CephFS doesn’t really support fallocate in the general case to begin
with — we don’t want to go out and create an arbitrary number of 4MiB
objects in response to a large allocation command. AFAIK the only one
we really do is letting you set a specific file size up (or down,
maybe?). Do we actually want to support this specific sub-piece of the
API? What happens if somebody uses FALLOC_FL_ALLOCATE_RANGE to set a
size of 4MiB+1KiB? Is this synched with the current state of the user
space client?
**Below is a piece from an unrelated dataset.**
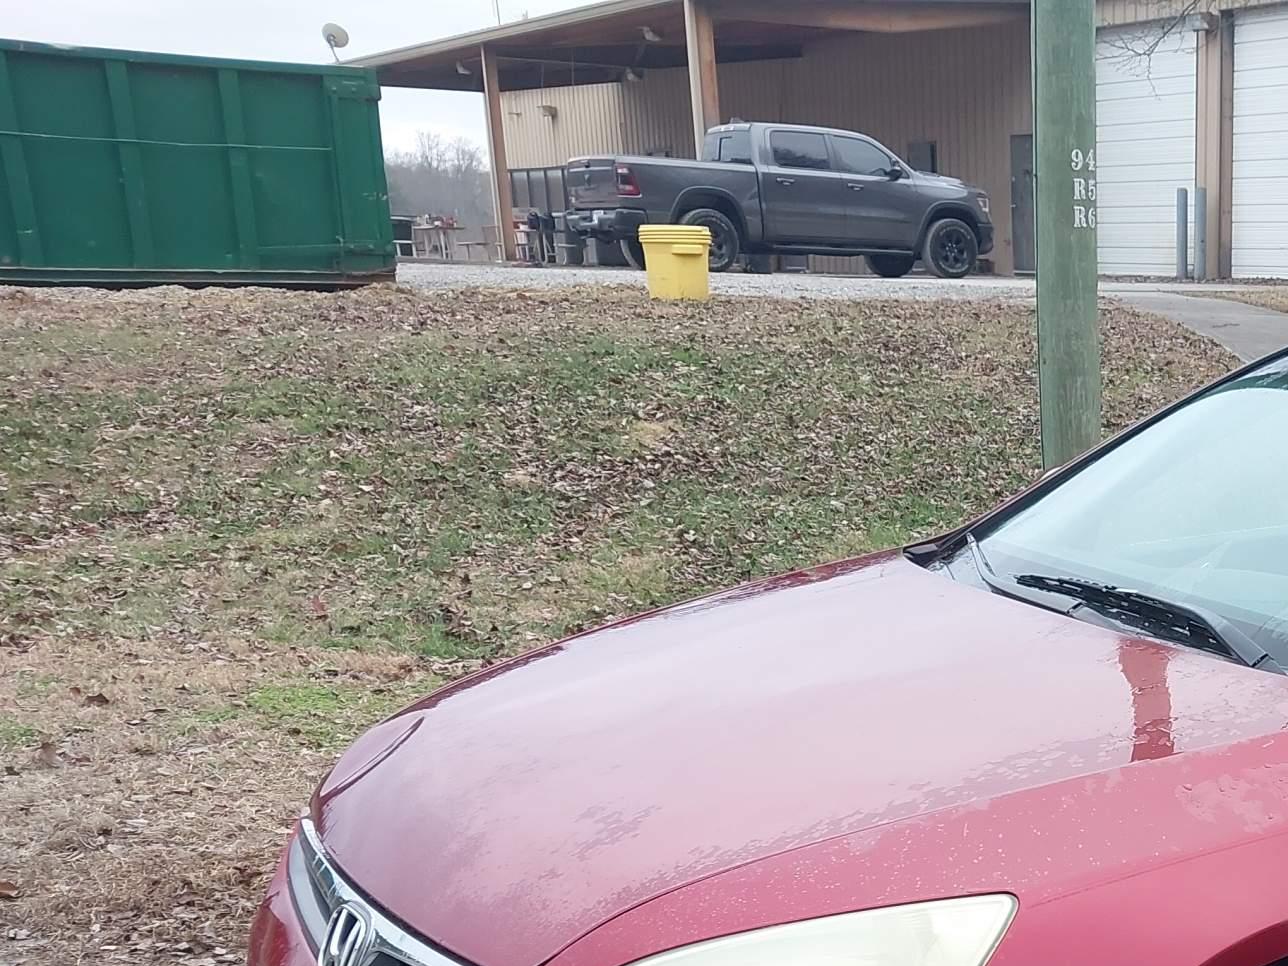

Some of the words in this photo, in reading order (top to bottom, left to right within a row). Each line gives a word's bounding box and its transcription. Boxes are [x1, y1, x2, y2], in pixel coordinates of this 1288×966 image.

[1071, 148, 1096, 171] 94
[1073, 178, 1096, 201] R5
[1073, 205, 1096, 229] R6
I know Milind just made some changes around userspace
fallocate to rationalize our behavior.

> fio: got pattern 'd0', wanted '74'. Bad bits 3
> fio: bad pattern block offset 0
> pattern: verify failed at file /mnt/cephfs/fiotest.3.0 offset 0, length 2631490270 (requested block: offset=0, length=4096, flags=8)
> fio: verify type mismatch (36969 media, 18 given)
> fio: got pattern '25', wanted '74'. Bad bits 3
> fio: bad pattern block offset 0
> pattern: verify failed at file /mnt/cephfs/fiotest.4.0 offset 0, length 1694436820 (requested block: offset=0, length=4096, flags=8)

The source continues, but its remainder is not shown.